LAWS(ALL)-1992-3-70

FAIZ MOHD. Vs. DISTRICT JUDGE AND ORS.

Decided On March 31, 1992
Faiz Mohd. Appellant
V/S
District Judge and Ors. Respondents

JUDGEMENT

(1.) LANDLORD -respondent No. 3 filed an application under Section 21(1)(a) of U.P. Act No. 13 of 1972 for release of the premises in occupation of the petitioner. The application was allowed by the prescribed Authority and the appeal preferred by the tenant has been dismissed by the learned District Judge. Hence this writ petition. Learned counsel for the petitioner has submitted that in the release, application the landlord had described his family as consisting of his mother himself, his wife, two sons, one un -married and one married daughter. During the pendency of the litigation the mother of the landlord and one of his sons died and, therefore, there was no requirement of additional residential accommodation. The record shows that the mother of the landlord died when the case was pending before the prescribed Authority and the effect of her death has been considered in the judgment of the trial court. The son of the landlord died when the case was pending in appeal before the learned District Judge and this point has been considered by the appellate authority. Both the authorities below have held that the need of the landlord is bona fide and genuine. The copy of the report of the Commissioner and the map has been filed as Annexure 5 to the writ petition and it shows that the landlord has got only two rooms, one verandah and a court -yard in his possession. At present his family consists of himself, his wife, and unmarried son who is of marriageable age, and unmarried daughter, his son's widow and two grand -children. That apart his married daughter along with her children often visited her parental home. The landlord was working in the Railways and retired as Assistant Commercial Superintendent and looking to his status it is obvious that he requires some additional rooms. The widowed daughter -in -law cannot live in the same room in which her -in -laws are living. There are only two rooms in the premises in occupation of the landlord and looking to the size of the family of the landlord they are wholly insufficient for his requirement. Therefore, the contention of the learned counsel for the petitioner that the need of the landlord is not bona fide and genuine is wholly unfounded.
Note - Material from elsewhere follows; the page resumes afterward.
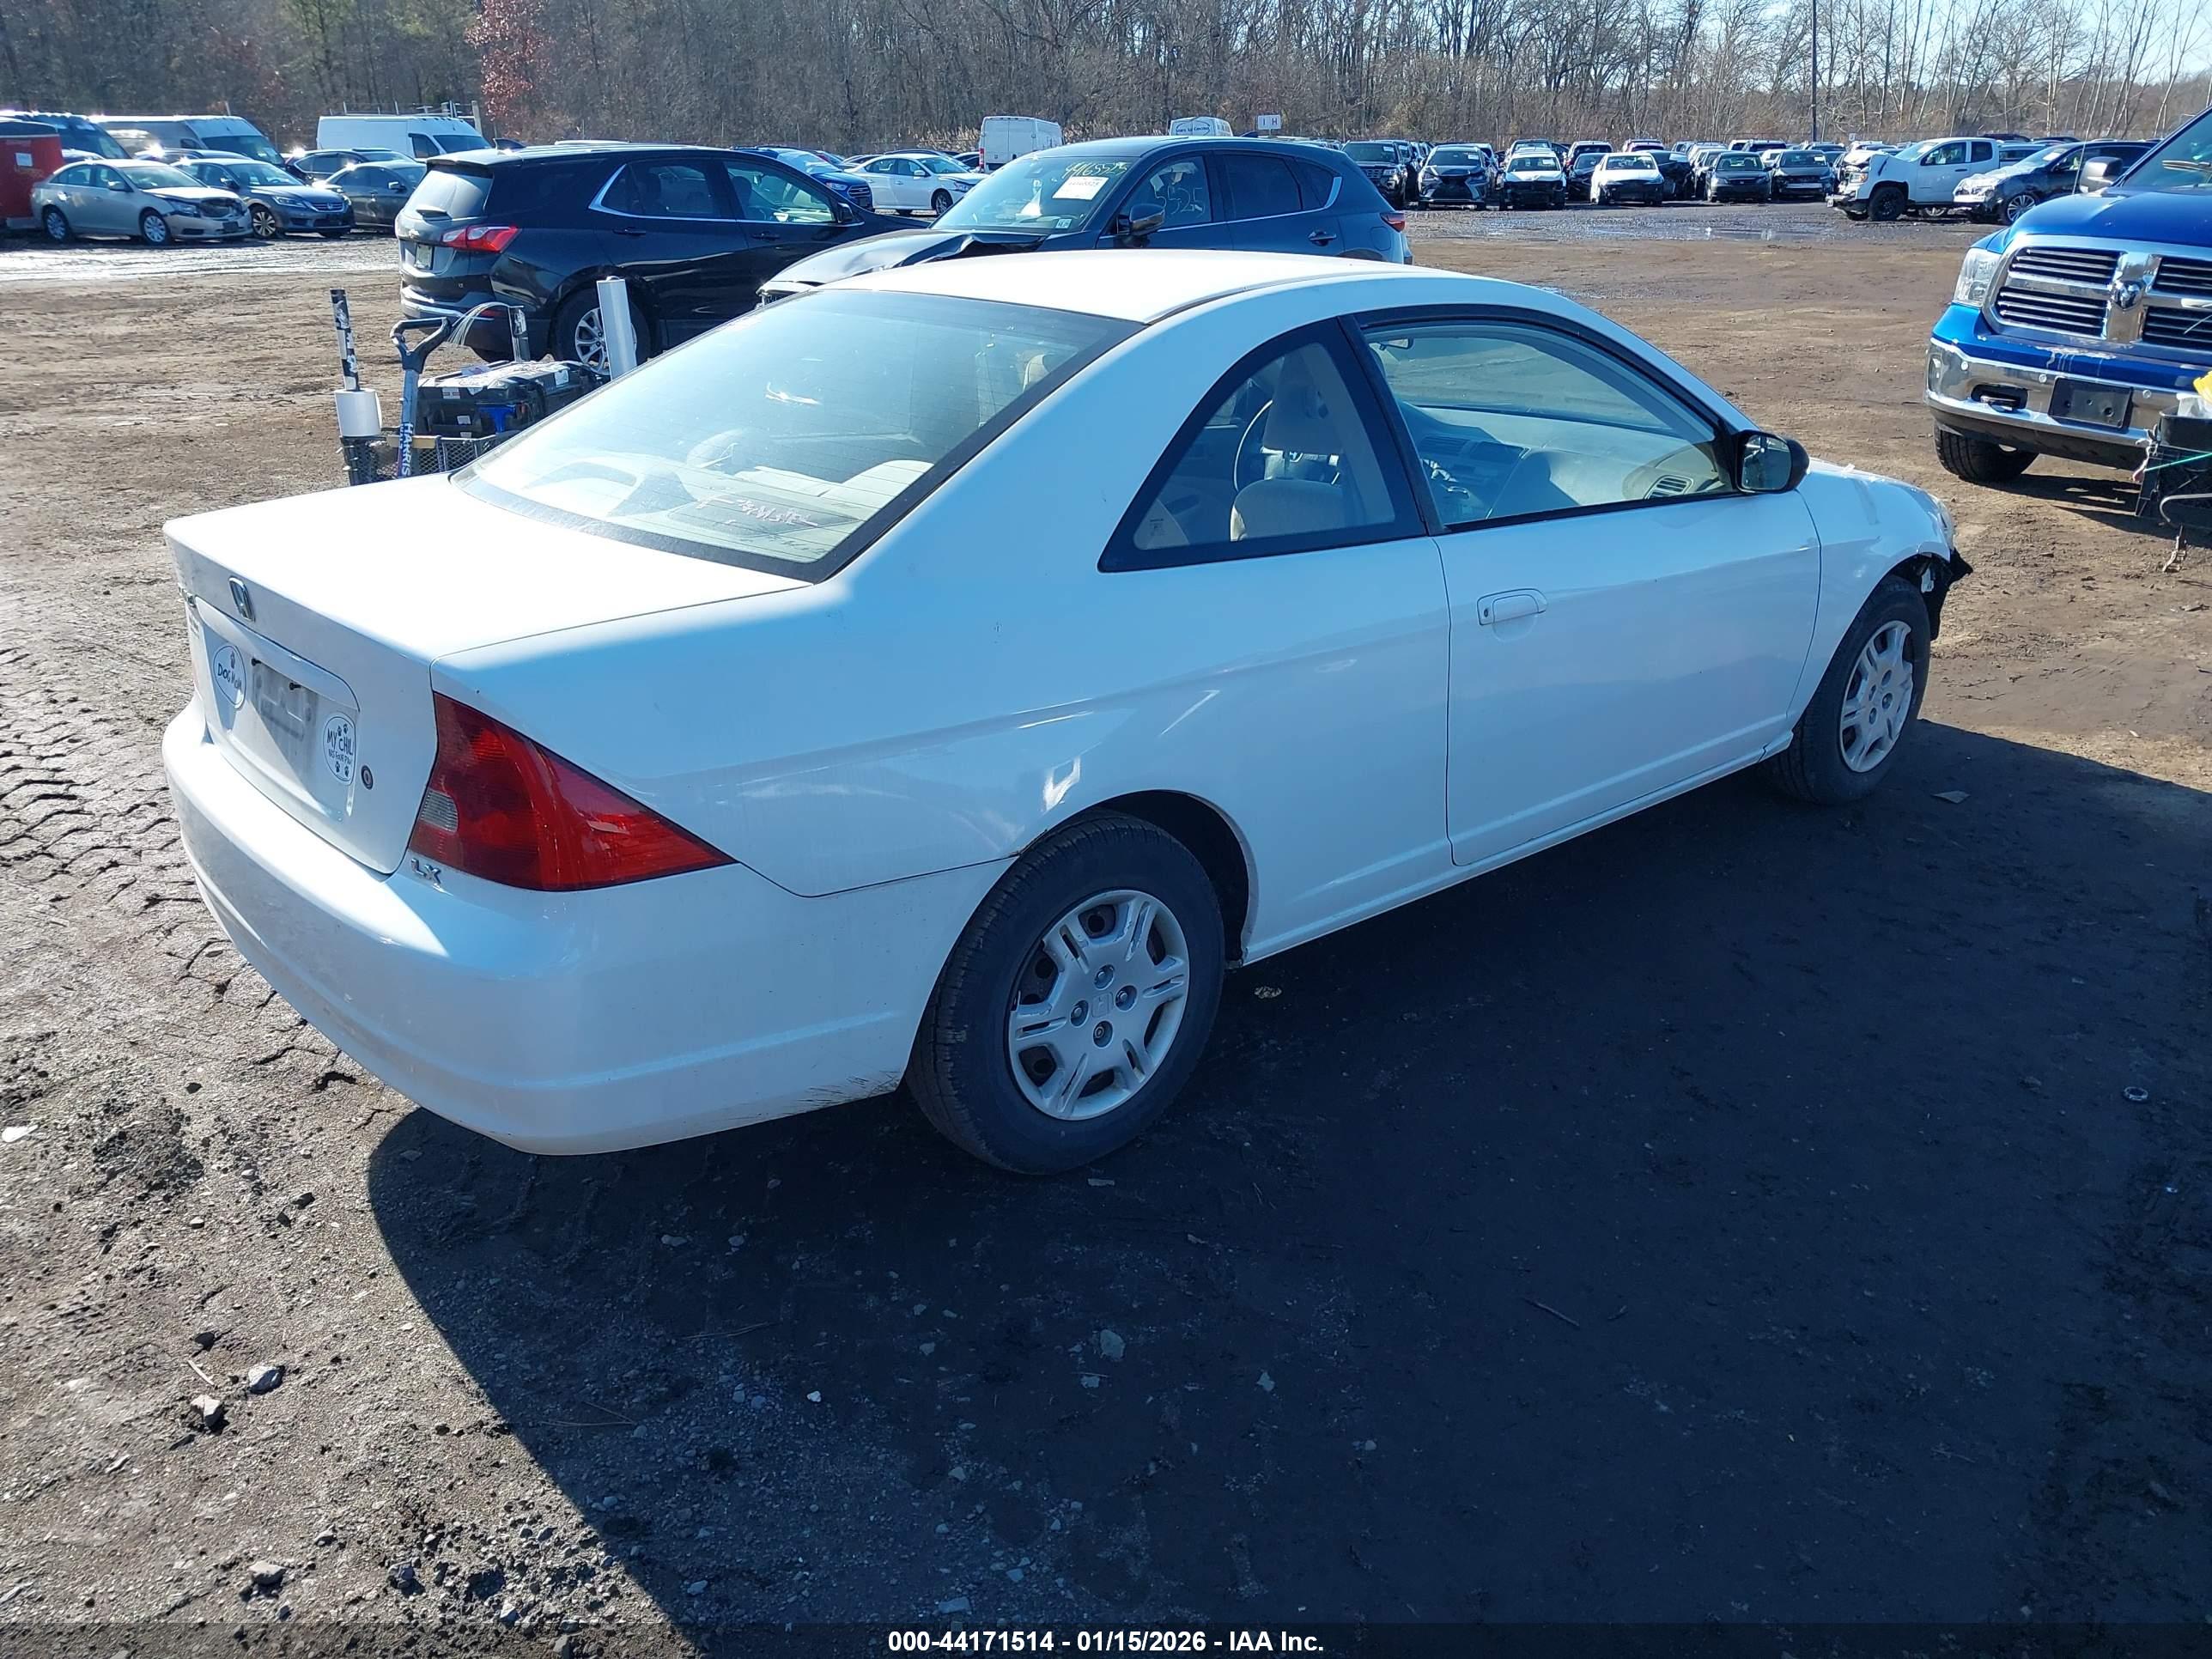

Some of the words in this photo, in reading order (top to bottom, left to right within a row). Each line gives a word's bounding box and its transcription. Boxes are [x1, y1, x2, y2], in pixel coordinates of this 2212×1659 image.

(2.) LEARNED counsel next contended that the finding of the prescribed Authority as well as of the District Judge on the point of comparative hardship is erroneous. I have examined the judgment of both the courts below and in my opinion they have rightly held that the landlord will suffer greater hardship in the event of refusal of the release application. It may be noticed that though the release application was filed on 18 -2 -1985 and is pending for about seven years, the petitioner -tenant did not make any effort whatsoever to get an alternative accommodation. It is well settled that conduct of the tenant in not making effort for an alternative accommodation for himself is a relevant consideration for deciding the question of comparative hardship. The findings on the questions of bona fide need and comparative hardship are based upon evidence and being findings of facts cannot be interfered with in a writ petition under Article 226 of the Constitution.